A disentangled representation has:

  • Each latent dimension captures one independent factor of variation
  • Changing one dimension changes one semantic attribute
  • Dimensions are statistically independent

Example (Images)

Dimension Controls
\(z_1\) Rotation
\(z_2\) Scale
\(z_3\) Color

Example (Gene Expression)

Dimension Controls
\(z_1\) Cell type identity
\(z_2\) Cell cycle phase
\(z_3\) Batch effect

5. Why β > 1 Encourages Disentanglement

The KL term can be decomposed:

\[ \mathrm{KL}(q(z|x) \| p(z)) = \underbrace{I(z; x)}_{\text{mutual info}} + \underbrace{\mathrm{KL}(q(z) \| p(z))}_{\text{marginal matching}} \]

Increasing β: 1. Reduces \(I(z; x)\) — forces compression 2. Pushes \(q(z)\) toward \(p(z) = \mathcal{N}(0, I)\) — encourages independence

The factorial prior \(p(z) = \prod_i p(z_i)\) induces statistical independence between dimensions.


6. The Reconstruction-Disentanglement Trade-off

This is the fundamental tension:

β small ←————————————————————→ β large
Better reconstruction          Better disentanglement
Entangled latents              Worse reconstruction
Overfitting risk               Posterior collapse risk

Posterior Collapse

When β is too high: - \(q(z|x) \approx p(z)\) for all \(x\) - Latent carries no information - Decoder ignores \(z\), generates "average" output


7. Disentanglement Metrics

DCI (Disentanglement, Completeness, Informativeness)

  • Disentanglement: Does each code capture at most one factor?
  • Completeness: Is each factor captured by at most one code?
  • Informativeness: Can factors be predicted from codes?

MIG (Mutual Information Gap)

\[ \text{MIG} = \frac{1}{K} \sum_{k=1}^{K} \frac{1}{H(v_k)} \left( I(z_{j^{(k)}}; v_k) - \max_{j \neq j^{(k)}} I(z_j; v_k) \right) \]

Measures the gap between the most and second-most informative latent for each factor.

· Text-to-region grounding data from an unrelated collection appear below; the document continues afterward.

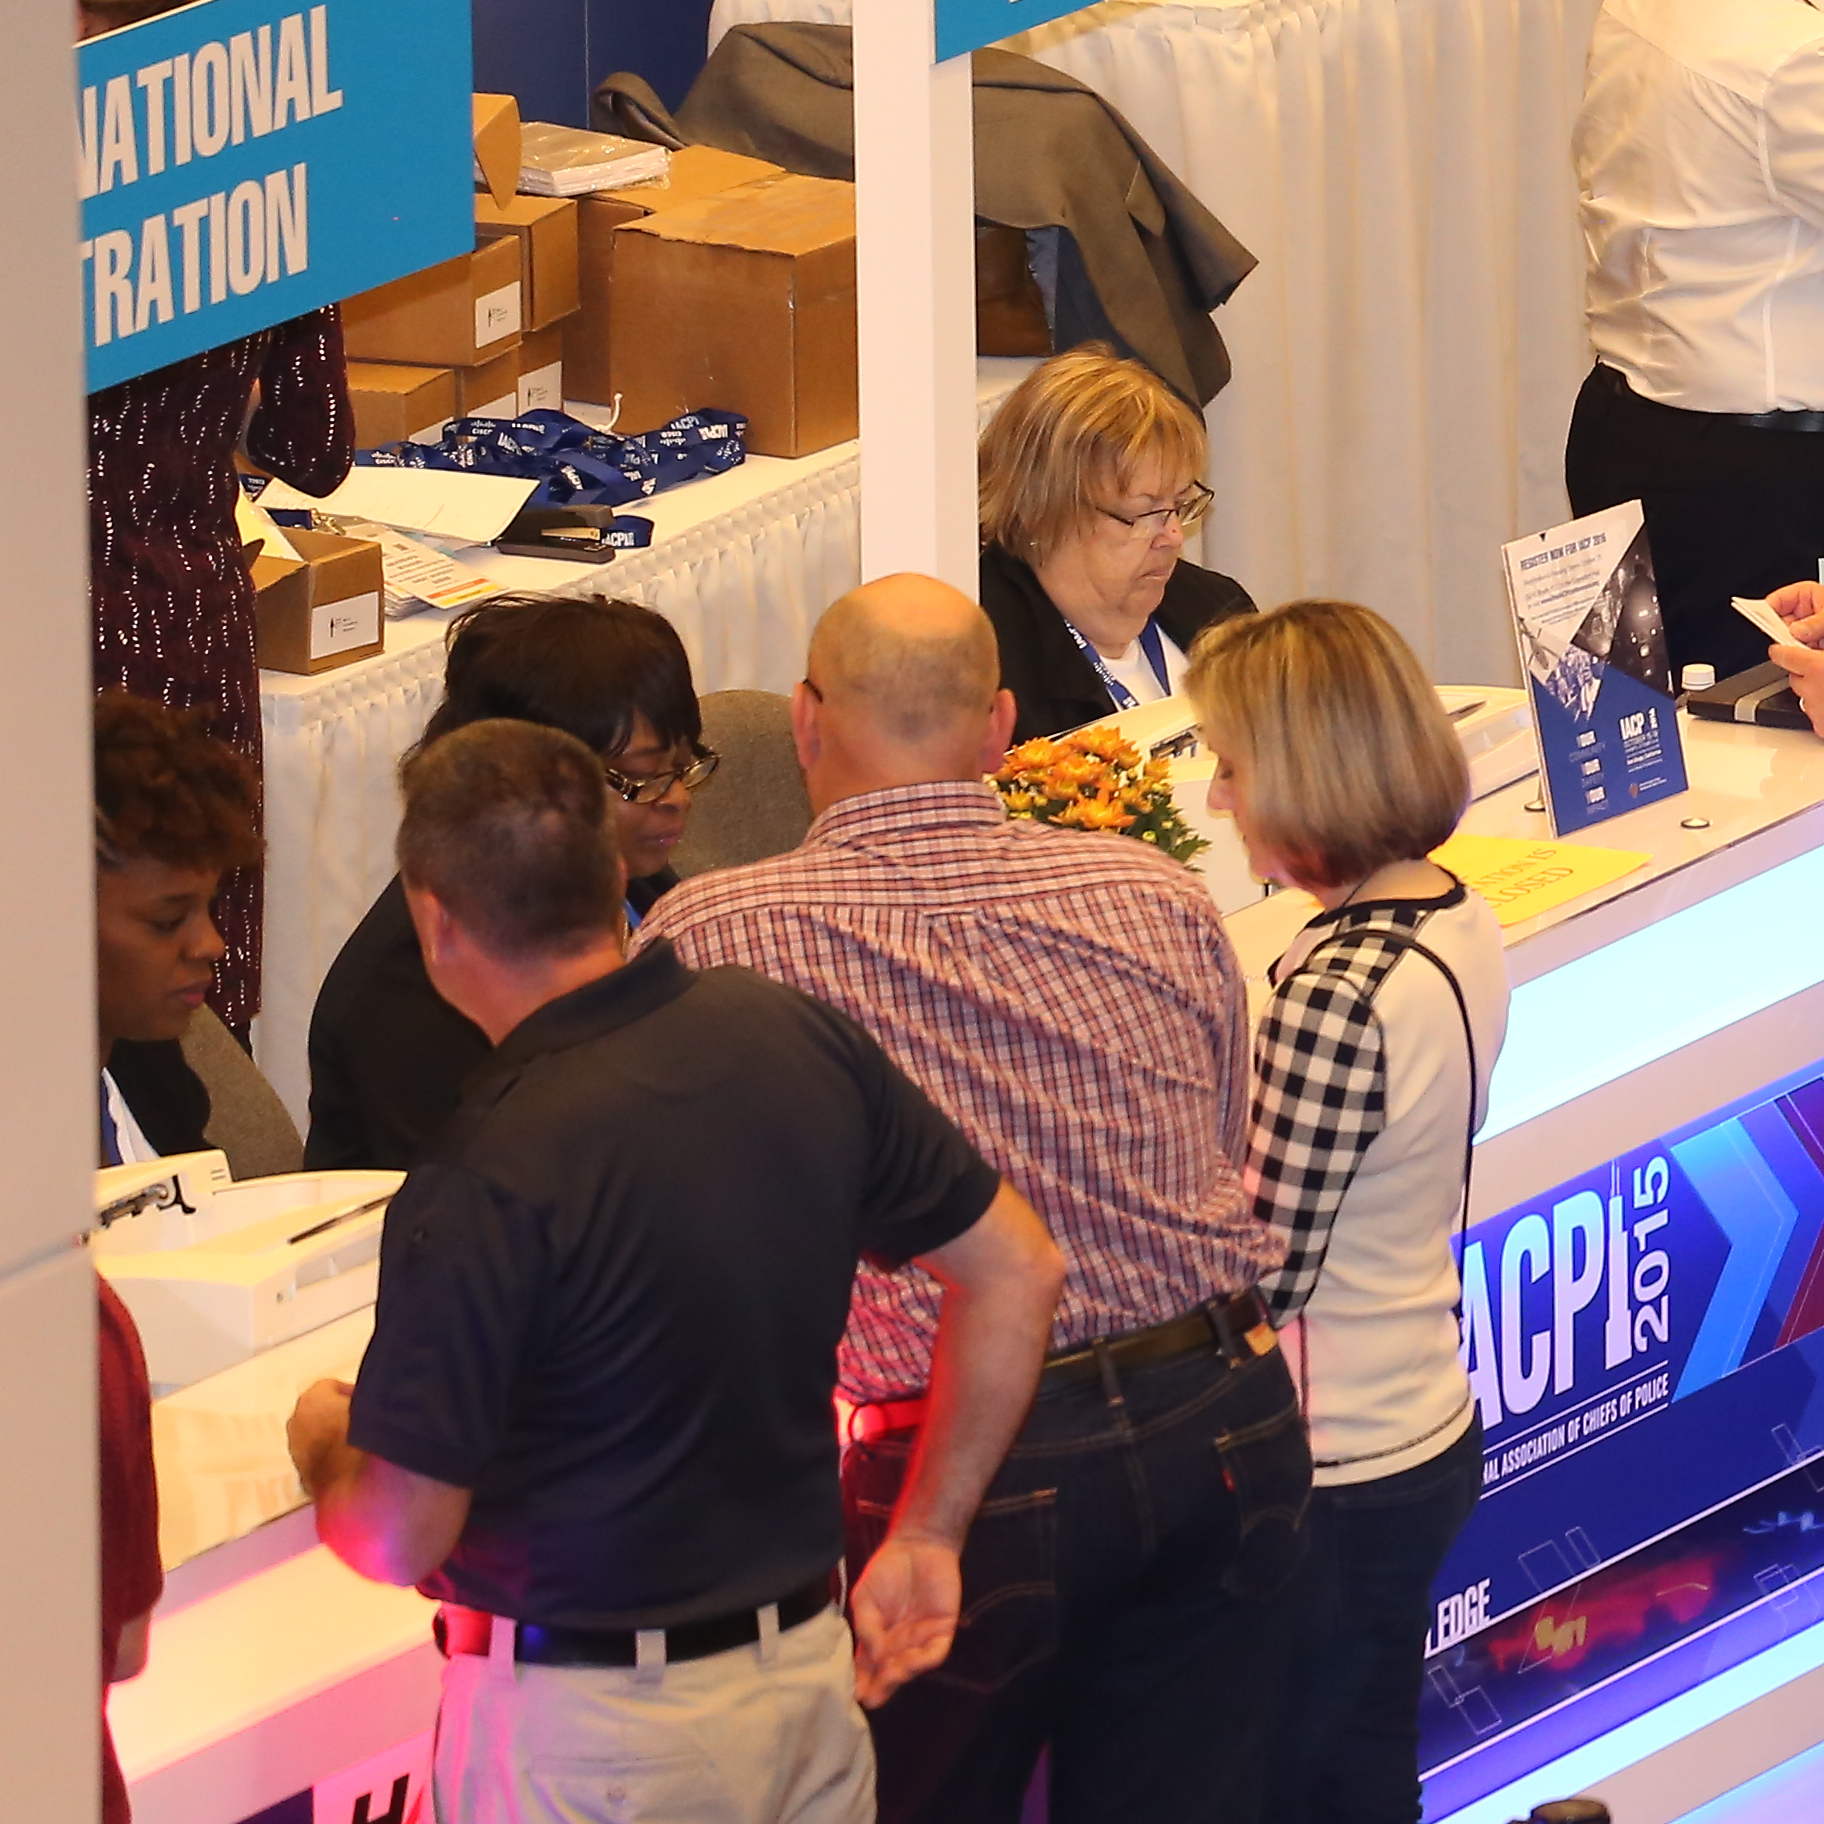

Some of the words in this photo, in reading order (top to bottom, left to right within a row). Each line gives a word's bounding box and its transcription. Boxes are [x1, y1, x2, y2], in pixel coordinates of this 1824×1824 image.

[76, 4, 343, 201] NATIONAL
[1619, 712, 1645, 740] IACP
[1459, 1189, 1604, 1431] ACP
[1633, 1155, 1670, 1353] 2015
[1501, 1426, 1566, 1478] ASSOCIATION
[1568, 1416, 1581, 1443] OF
[1583, 1400, 1618, 1437] CHIEFS
[1620, 1393, 1633, 1418] OF
[1635, 1373, 1669, 1410] POLICE
[1438, 1578, 1491, 1650] EDGE

SAP (Separated Attribute Predictability)

Trains classifiers to predict factors from individual latents.


8. Implementation

Loss Function

def beta_vae_loss(x, x_recon, mu, logvar, beta=4.0):
    """β-VAE loss with configurable β."""
    # Reconstruction (negative log-likelihood)
    recon_loss = F.mse_loss(x_recon, x, reduction='sum')

    # KL divergence
    kl_loss = -0.5 * torch.sum(1 + logvar - mu.pow(2) - logvar.exp())

    # β-weighted ELBO
    return recon_loss + beta * kl_loss

Annealing Strategies

Rather than fixed β, gradually increase it:

def get_beta(epoch, warmup_epochs=10, target_beta=4.0):
    """Linear β annealing."""
    if epoch < warmup_epochs:
        return target_beta * epoch / warmup_epochs
    return target_beta

This helps avoid posterior collapse early in training.

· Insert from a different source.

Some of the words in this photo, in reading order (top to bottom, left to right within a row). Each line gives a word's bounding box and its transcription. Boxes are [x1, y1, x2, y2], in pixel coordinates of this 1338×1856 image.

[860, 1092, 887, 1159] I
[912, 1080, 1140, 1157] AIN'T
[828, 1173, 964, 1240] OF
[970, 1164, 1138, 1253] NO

9. Variants and Extensions

β-TCVAE (Total Correlation VAE)

Decomposes KL into three terms:

\[ \mathrm{KL}(q(z|x) \| p(z)) = \underbrace{I(z; x)}_{\text{index-code MI}} + \underbrace{\mathrm{TC}(z)}_{\text{total correlation}} + \underbrace{\sum_i \mathrm{KL}(q(z_i) \| p(z_i))}_{\text{dimension-wise KL}} \]

Only penalizes the total correlation term, which directly measures dependence between dimensions.

Factor VAE

Adds an adversarial term to encourage factorial \(q(z)\):

\[ \mathcal{L} = \mathcal{L}_{\text{VAE}} + \gamma \cdot \mathrm{KL}(q(z) \| \bar{q}(z)) \]

Where \(\bar{q}(z) = \prod_i q(z_i)\) is the factorial approximation.

DIP-VAE (Disentangled Inferred Prior)

Matches moments of \(q(z)\) to the prior:

\[ \mathcal{L} = \mathcal{L}_{\text{VAE}} + \lambda_{\text{od}} \sum_{i \neq j} [\text{Cov}(z)]_{ij}^2 + \lambda_d \sum_i ([\text{Cov}(z)]_{ii} - 1)^2 \]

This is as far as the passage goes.